Task to carry out: Your task is to repeat the lines below exactly, excluding any pictures they contain.

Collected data
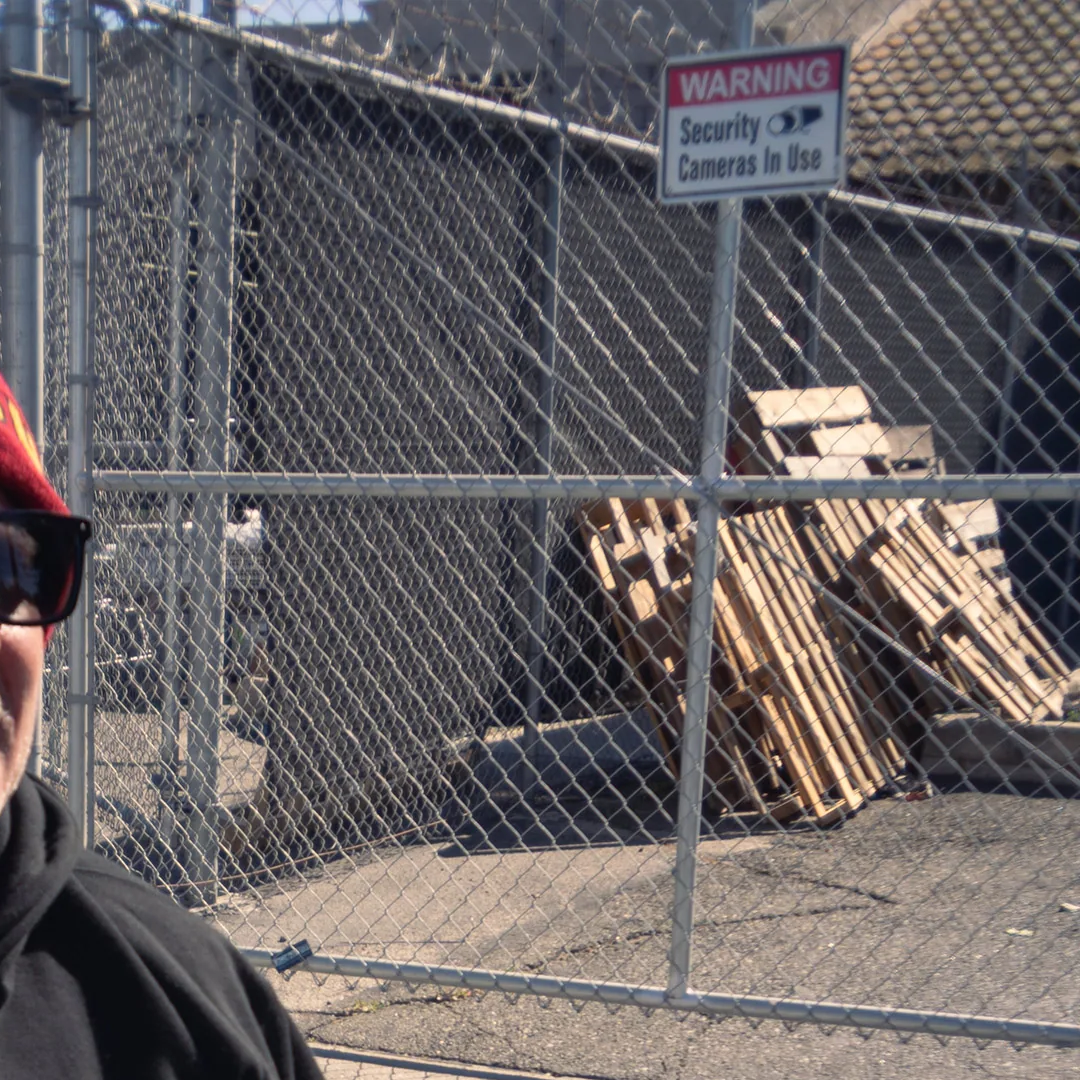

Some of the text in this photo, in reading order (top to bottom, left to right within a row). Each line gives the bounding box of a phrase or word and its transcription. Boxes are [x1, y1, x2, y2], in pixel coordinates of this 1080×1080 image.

[679, 58, 829, 103] WARNING
[680, 111, 760, 146] Security
[678, 142, 822, 182] Cameras In Use
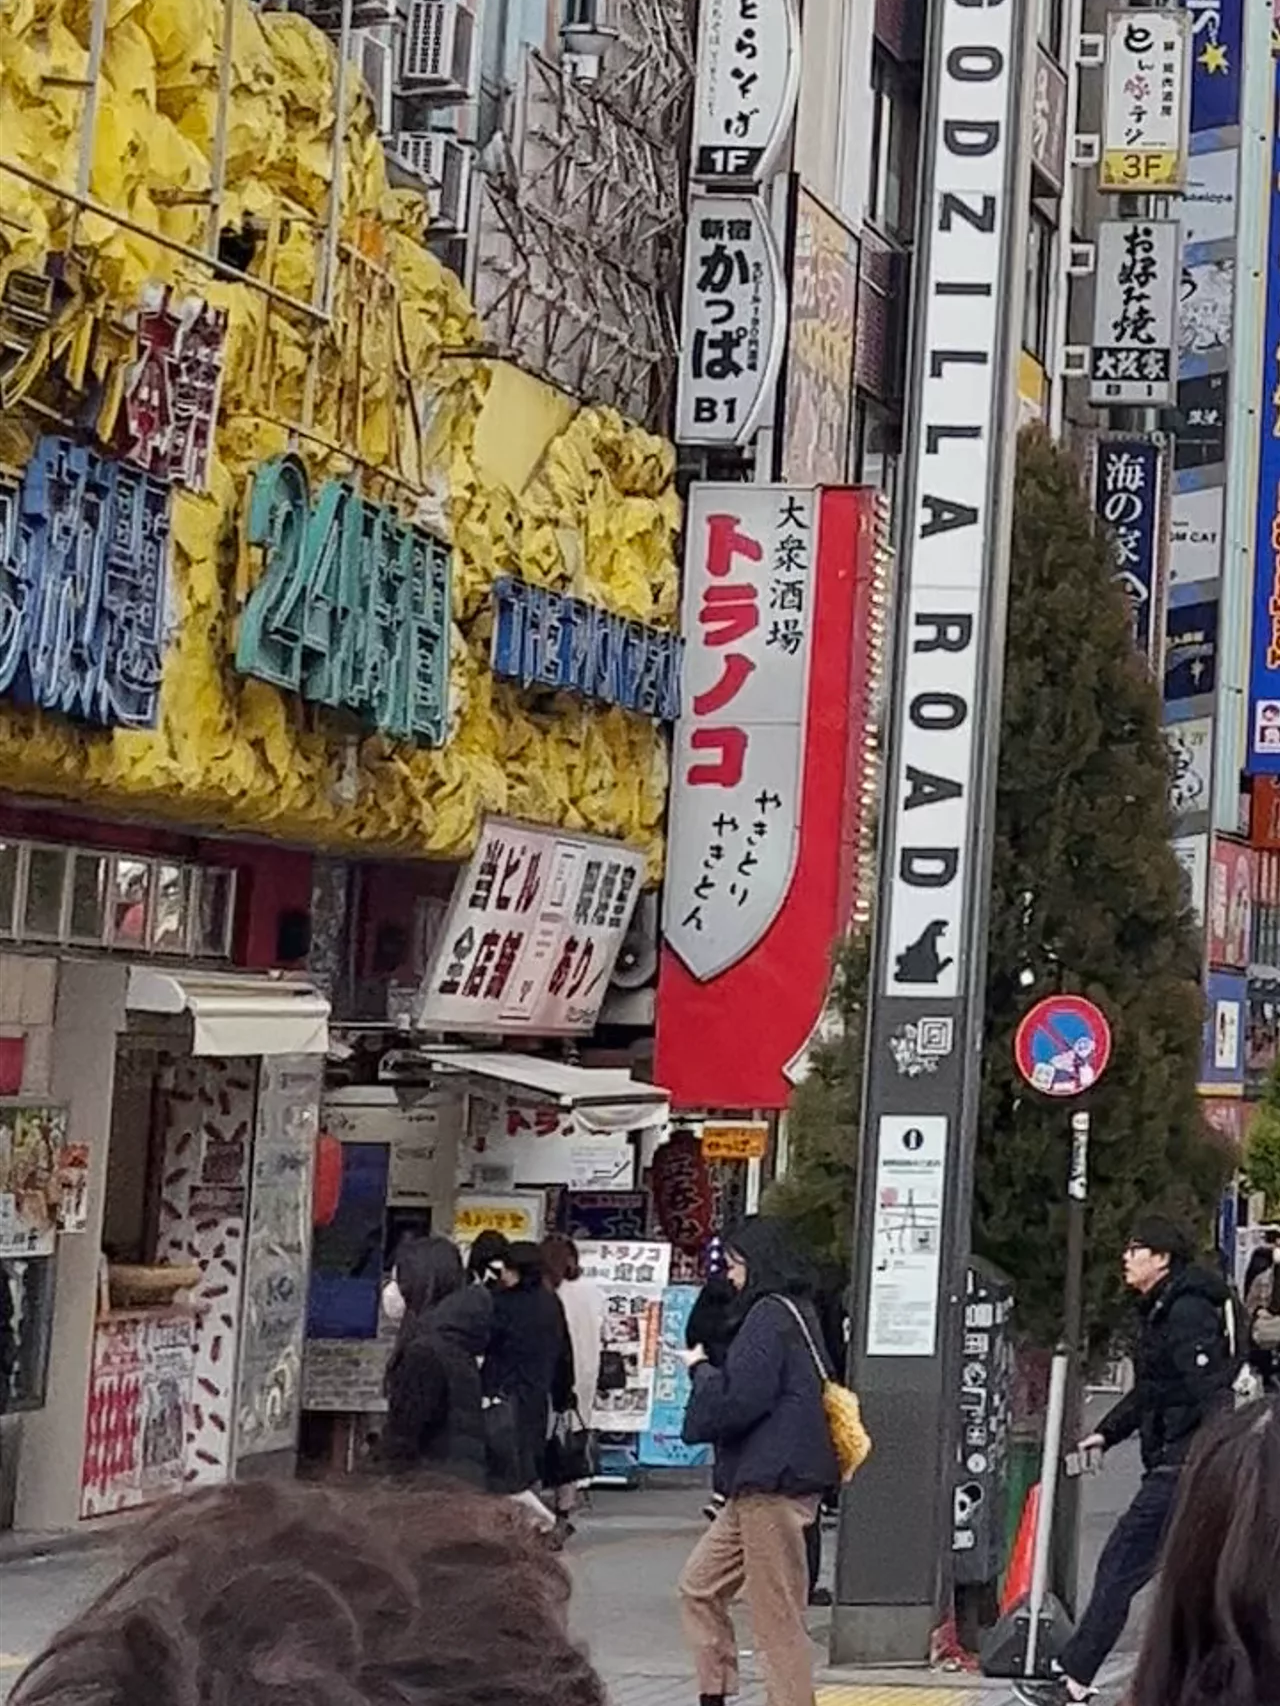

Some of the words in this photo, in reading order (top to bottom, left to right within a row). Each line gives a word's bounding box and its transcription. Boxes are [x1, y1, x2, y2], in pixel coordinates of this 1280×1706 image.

[710, 149, 748, 172] 1F
[1122, 154, 1164, 180] 3F
[700, 218, 752, 242] 新宿
[691, 242, 750, 381] かっぱ
[693, 397, 738, 425] B1
[765, 496, 811, 657] 大衆酒場
[688, 512, 764, 789] トラノコ
[898, 613, 974, 890] ROAD
[681, 812, 740, 931] やきとん
[728, 789, 781, 906] やきとり
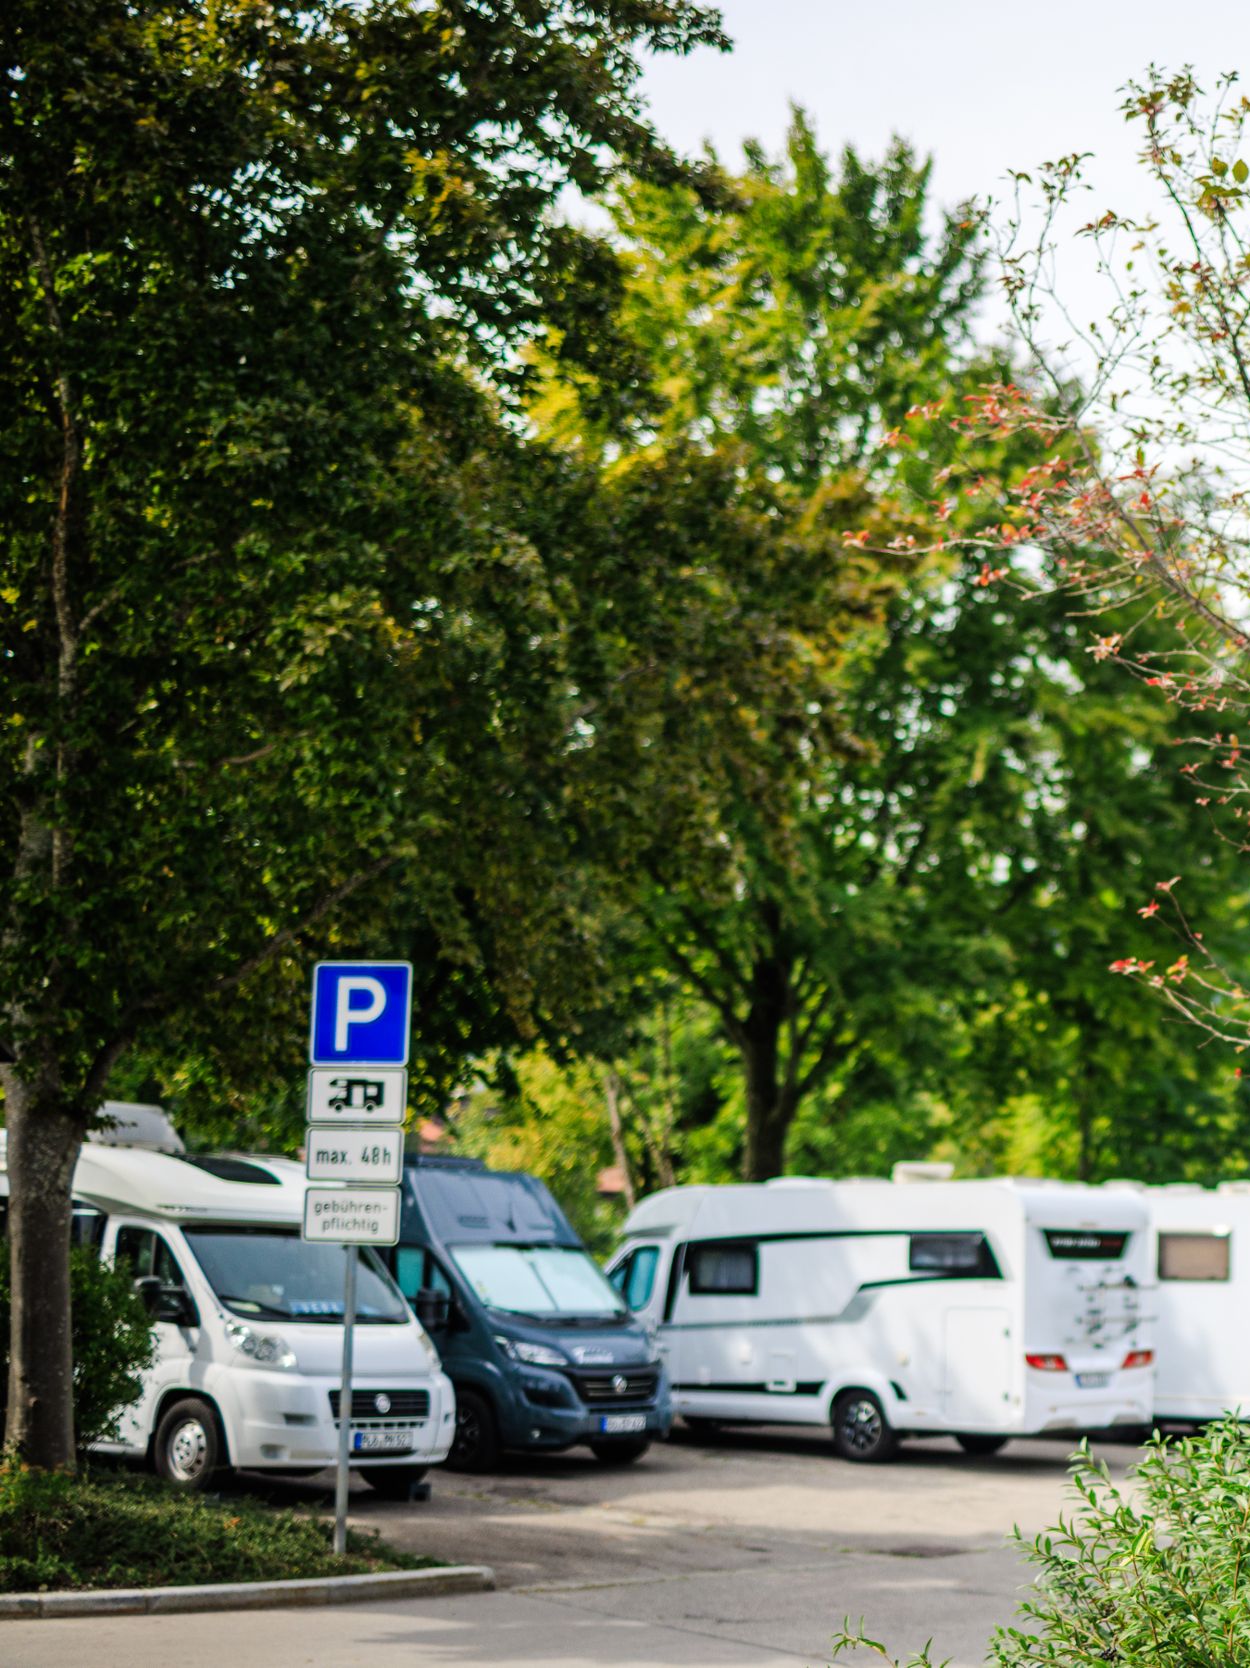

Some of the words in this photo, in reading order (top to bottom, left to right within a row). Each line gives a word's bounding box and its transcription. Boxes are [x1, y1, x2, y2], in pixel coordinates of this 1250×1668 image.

Response for this exercise:
Some of the text in this photo, in reading order (top to bottom, left to right within a row). Each line gives the bounding box of a phrase or word and its transcription. Boxes are [x1, y1, x2, y2], in pixel coordinates of this 1080×1080 image.

[679, 58, 829, 103] WARNING
[680, 111, 760, 146] Security
[678, 142, 822, 182] Cameras In Use

Some of the words in this photo, in reading order (top to bottom, left to right within a row). Each line gives a word's bounding box and its transcription. Boxes are [x1, y1, x2, y2], in pixel coordinates of this 1280×1706 image.

[710, 149, 748, 172] 1F
[1122, 154, 1164, 180] 3F
[700, 218, 752, 242] 新宿
[691, 242, 750, 381] かっぱ
[693, 397, 738, 425] B1
[765, 496, 811, 657] 大衆酒場
[688, 512, 764, 789] トラノコ
[898, 613, 974, 890] ROAD
[681, 812, 740, 931] やきとん
[728, 789, 781, 906] やきとり

Some of the words in this photo, in reading order (top to bottom, left to right within a row). Each line gives a word's bounding box and its transcription. Boxes are [x1, y1, x2, y2], in pixel coordinates of this 1250×1668 image.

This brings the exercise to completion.